■ Records shown:
------------------------------
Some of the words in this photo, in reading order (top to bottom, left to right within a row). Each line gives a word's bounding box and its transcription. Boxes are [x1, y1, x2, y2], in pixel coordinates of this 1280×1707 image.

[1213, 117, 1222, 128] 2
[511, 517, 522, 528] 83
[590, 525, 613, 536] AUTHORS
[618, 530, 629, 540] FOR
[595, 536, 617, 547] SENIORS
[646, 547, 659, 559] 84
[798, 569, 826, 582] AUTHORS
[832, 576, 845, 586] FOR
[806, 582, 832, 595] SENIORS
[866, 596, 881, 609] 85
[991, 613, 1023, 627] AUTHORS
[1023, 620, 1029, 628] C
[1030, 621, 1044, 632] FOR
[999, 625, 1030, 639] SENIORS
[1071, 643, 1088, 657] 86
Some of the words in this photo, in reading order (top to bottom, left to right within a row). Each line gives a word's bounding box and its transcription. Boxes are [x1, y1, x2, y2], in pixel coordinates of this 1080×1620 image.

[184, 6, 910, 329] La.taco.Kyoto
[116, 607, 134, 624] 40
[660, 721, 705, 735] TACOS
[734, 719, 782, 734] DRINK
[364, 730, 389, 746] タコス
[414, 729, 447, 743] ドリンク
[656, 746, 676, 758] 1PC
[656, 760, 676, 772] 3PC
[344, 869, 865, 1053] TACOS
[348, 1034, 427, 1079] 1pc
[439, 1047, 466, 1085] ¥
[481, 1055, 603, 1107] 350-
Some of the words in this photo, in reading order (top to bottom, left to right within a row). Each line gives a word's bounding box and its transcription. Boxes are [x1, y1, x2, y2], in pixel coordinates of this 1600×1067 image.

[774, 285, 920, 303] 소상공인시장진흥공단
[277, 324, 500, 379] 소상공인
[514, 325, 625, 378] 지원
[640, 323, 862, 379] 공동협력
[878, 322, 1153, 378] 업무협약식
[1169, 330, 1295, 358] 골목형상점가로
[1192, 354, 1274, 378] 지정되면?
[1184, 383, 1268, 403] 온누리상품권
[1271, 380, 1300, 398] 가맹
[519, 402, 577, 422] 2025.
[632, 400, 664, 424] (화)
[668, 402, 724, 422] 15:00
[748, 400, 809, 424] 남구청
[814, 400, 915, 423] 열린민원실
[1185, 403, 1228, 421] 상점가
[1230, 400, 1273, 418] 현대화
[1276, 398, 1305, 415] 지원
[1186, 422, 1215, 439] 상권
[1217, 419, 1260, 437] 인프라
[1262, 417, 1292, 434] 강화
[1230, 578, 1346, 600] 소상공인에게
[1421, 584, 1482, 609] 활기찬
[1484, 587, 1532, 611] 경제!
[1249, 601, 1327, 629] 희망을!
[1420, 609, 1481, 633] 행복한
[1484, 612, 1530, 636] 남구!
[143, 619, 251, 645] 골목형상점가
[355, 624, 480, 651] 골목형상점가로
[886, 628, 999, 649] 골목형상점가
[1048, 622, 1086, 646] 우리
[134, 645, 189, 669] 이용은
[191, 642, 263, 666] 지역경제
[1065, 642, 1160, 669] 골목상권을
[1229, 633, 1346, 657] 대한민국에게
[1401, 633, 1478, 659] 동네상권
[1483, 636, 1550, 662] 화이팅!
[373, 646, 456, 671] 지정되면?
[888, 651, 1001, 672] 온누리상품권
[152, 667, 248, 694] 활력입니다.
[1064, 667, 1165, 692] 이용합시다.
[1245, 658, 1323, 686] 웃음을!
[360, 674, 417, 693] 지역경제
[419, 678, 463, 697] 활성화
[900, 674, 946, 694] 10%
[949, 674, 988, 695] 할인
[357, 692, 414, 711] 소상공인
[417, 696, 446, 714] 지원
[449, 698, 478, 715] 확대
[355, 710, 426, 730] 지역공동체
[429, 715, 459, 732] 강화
------------------------------
■ The task: Return the listing above in full, character for character.

■ Output of the exercise:
Some of the words in this photo, in reading order (top to bottom, left to right within a row). Each line gives a word's bounding box and its transcription. Boxes are [x1, y1, x2, y2], in pixel coordinates of this 1280×1707 image.

[1213, 117, 1222, 128] 2
[511, 517, 522, 528] 83
[590, 525, 613, 536] AUTHORS
[618, 530, 629, 540] FOR
[595, 536, 617, 547] SENIORS
[646, 547, 659, 559] 84
[798, 569, 826, 582] AUTHORS
[832, 576, 845, 586] FOR
[806, 582, 832, 595] SENIORS
[866, 596, 881, 609] 85
[991, 613, 1023, 627] AUTHORS
[1023, 620, 1029, 628] C
[1030, 621, 1044, 632] FOR
[999, 625, 1030, 639] SENIORS
[1071, 643, 1088, 657] 86
Some of the words in this photo, in reading order (top to bottom, left to right within a row). Each line gives a word's bounding box and its transcription. Boxes are [x1, y1, x2, y2], in pixel coordinates of this 1080×1620 image.

[184, 6, 910, 329] La.taco.Kyoto
[116, 607, 134, 624] 40
[660, 721, 705, 735] TACOS
[734, 719, 782, 734] DRINK
[364, 730, 389, 746] タコス
[414, 729, 447, 743] ドリンク
[656, 746, 676, 758] 1PC
[656, 760, 676, 772] 3PC
[344, 869, 865, 1053] TACOS
[348, 1034, 427, 1079] 1pc
[439, 1047, 466, 1085] ¥
[481, 1055, 603, 1107] 350-
Some of the words in this photo, in reading order (top to bottom, left to right within a row). Each line gives a word's bounding box and its transcription. Boxes are [x1, y1, x2, y2], in pixel coordinates of this 1600×1067 image.

[774, 285, 920, 303] 소상공인시장진흥공단
[277, 324, 500, 379] 소상공인
[514, 325, 625, 378] 지원
[640, 323, 862, 379] 공동협력
[878, 322, 1153, 378] 업무협약식
[1169, 330, 1295, 358] 골목형상점가로
[1192, 354, 1274, 378] 지정되면?
[1184, 383, 1268, 403] 온누리상품권
[1271, 380, 1300, 398] 가맹
[519, 402, 577, 422] 2025.
[632, 400, 664, 424] (화)
[668, 402, 724, 422] 15:00
[748, 400, 809, 424] 남구청
[814, 400, 915, 423] 열린민원실
[1185, 403, 1228, 421] 상점가
[1230, 400, 1273, 418] 현대화
[1276, 398, 1305, 415] 지원
[1186, 422, 1215, 439] 상권
[1217, 419, 1260, 437] 인프라
[1262, 417, 1292, 434] 강화
[1230, 578, 1346, 600] 소상공인에게
[1421, 584, 1482, 609] 활기찬
[1484, 587, 1532, 611] 경제!
[1249, 601, 1327, 629] 희망을!
[1420, 609, 1481, 633] 행복한
[1484, 612, 1530, 636] 남구!
[143, 619, 251, 645] 골목형상점가
[355, 624, 480, 651] 골목형상점가로
[886, 628, 999, 649] 골목형상점가
[1048, 622, 1086, 646] 우리
[134, 645, 189, 669] 이용은
[191, 642, 263, 666] 지역경제
[1065, 642, 1160, 669] 골목상권을
[1229, 633, 1346, 657] 대한민국에게
[1401, 633, 1478, 659] 동네상권
[1483, 636, 1550, 662] 화이팅!
[373, 646, 456, 671] 지정되면?
[888, 651, 1001, 672] 온누리상품권
[152, 667, 248, 694] 활력입니다.
[1064, 667, 1165, 692] 이용합시다.
[1245, 658, 1323, 686] 웃음을!
[360, 674, 417, 693] 지역경제
[419, 678, 463, 697] 활성화
[900, 674, 946, 694] 10%
[949, 674, 988, 695] 할인
[357, 692, 414, 711] 소상공인
[417, 696, 446, 714] 지원
[449, 698, 478, 715] 확대
[355, 710, 426, 730] 지역공동체
[429, 715, 459, 732] 강화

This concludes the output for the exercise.